17 dicembre 2010. Abbiamo appreso con profondo dolore e costernazione che il 13 dicembre è mancata Claude B. Levenson. Giornalista e scrittrice, Claude ha dedicato la sua vita e il suo lavoro alla difesa dei diritti dei popoli seguendo con particolare attenzione e sensibilità le vicende del popolo tibetano sia in Tibet sia in esilio. Sempre presente ad ogni appuntamento importante, abbiamo imparato a conoscerla e apprezzarla nel corso di questi ultimi vent’anni, dalla fondazione dell’Associazione Italia-Tibet, e i suoi libri – ricordiamo “Tibet, Storia di una Tragedia”, “Il Signore del Loto Bianco” e “Così parla il Dalai Lama” – sono stati per tutti noi fonte di ispirazione e riflessione.
Vogliamo ricordarla attraverso le parole di Piero Verni che, in un articolo pubblicato sul suo blog, ne evoca la figura e il lavoro. Non avremmo saputo trovare parole migliori per rendere omaggio alla memoria di Claude e alla sua infaticabile opera a sostegno del popolo tibetano.
Arrivederci Claude
Mi è sempre stato difficile scrivere di una persona cara che se n’è appena andata. Nel caso di Claude Levenson, scomparsa ieri dopo una lunga malattia, lo è ancora di più perché all’amicizia e all’affetto personale si aggiunge la forte stima che provavo per lei come giornalista, scrittrice e studiosa del Tibet. In queste occasioni le parole rischiano di avere il sapore metallico della retorica, gli elogi appaiono scontati (“mors omnia solvit”) e i ricordi banali.
Eppure il dolore e il senso di vuoto che mi provoca il sapere che Claude è ormai altrove rispetto a noi, mi costringe davanti a questa tastiera a cercare di dire qualcosa su questa donna d’eccezione. Su questa giornalista acuta e preparata. Su questa scrittrice coinvolgente. Su questa grande amica del popolo tibetano.

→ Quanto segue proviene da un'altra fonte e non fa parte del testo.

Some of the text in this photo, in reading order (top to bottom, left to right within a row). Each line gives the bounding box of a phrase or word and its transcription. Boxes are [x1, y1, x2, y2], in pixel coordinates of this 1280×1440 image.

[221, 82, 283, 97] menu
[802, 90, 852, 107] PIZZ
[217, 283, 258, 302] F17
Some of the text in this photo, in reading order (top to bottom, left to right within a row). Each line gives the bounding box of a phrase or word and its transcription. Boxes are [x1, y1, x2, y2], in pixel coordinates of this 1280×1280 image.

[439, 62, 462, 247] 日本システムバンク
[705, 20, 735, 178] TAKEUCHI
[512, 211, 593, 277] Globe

Mi pare che la conobbi in uno dei primi convegni internazionali a favore del Tibet, quando i sostenitori di questa causa erano pochi e tra loro gli intellettuali si contavano sulle dite di una mano. Credo si trattasse della Conferenza organizzata dalla leader del movimento tedesco Petra Kelly al Parlamento di Bonn nel 1987 o giù di lì. Mi colpirono immediatamente la sua freschezza, il suo acume, la sua preparazione e la sua umanità. Insieme a lei c’era il suo compagno di sempre, l’inseparabile Jean Claude (giornalista anche lui), con il quale hanno formato una adorabile coppia unita nell’amore, nel lavoro e nell’impegno politico. Prima di avere il privilegio di diventarne amico, avevo incontrato Claude Levenson nelle pagine del suo libro “Le Seigneur du Lotus blanc”, un po’ storia del Tibet un po’ biografia del Dalai Lama. All’epoca stavo scrivendo la mia biografia autorizzata del Dalai Lama e il testo di Claude fu per me una preziosa fonte di ispirazione e documentazione.

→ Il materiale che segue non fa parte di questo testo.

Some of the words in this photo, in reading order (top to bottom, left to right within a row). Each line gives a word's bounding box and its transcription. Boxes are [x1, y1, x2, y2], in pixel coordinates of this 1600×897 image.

Da quella remota fine degli anni ’80 dello scorso secolo, sono rimasto in contatto continuo con Claude e Jean Claude. Ci si incontrava più o meno regolarmente in occasione dei principali appuntamenti e convegni pro Tibet. L’ultima volta fu meno di due anni or sono nell’incantata cornice della città bretone di Nantes. Sapendo che vivo per buona parte dell’anno in Bretagna, Claude mi aveva invitato a partecipare ad una conferenza che avrebbe tenuto appunto nell’antica capitale del regno di Bretagna. Quella sera le sue parole furono come al solito stimolanti e la sua analisi politica della situazione tibetana lucida e disincantata. Al termine dell’incontro lei, Jean Claude ed io ci regalammo una lunga passeggiata nell’incomparabile centro storico di Nantes. Dalla vicina costa atlantica arrivava un vento teso e freddo che rendeva l’aria di una purezza inebriante. Una delle ultime immagini di Claude che conservo nella memoria è il suo sguardo penetrante contro un terso cielo notturno in cui si rincorrevano gruppi di nuvole color della neve. Alle sue spalle il profilo elegante e austero delle mura del Castello dei Duchi di Bretagna.
Dopo di allora non l’ho più vista. Avremmo dovuto incontrarci a Parigi nel novembre dello scorso anno ma io non riuscii ad andare. Poi si ammalò e ieri ha lasciato il corpo. I nostri amici tibetani ritengono che adesso il suo continuum mentale sia nel Pardo, lo stato intermedio tra la morte e la successiva rinascita. Io francamente non so.
Comunque, arrivederci carissima Claude e, dal profondo del cuore, grazie per tutto quello che ci hai regalato.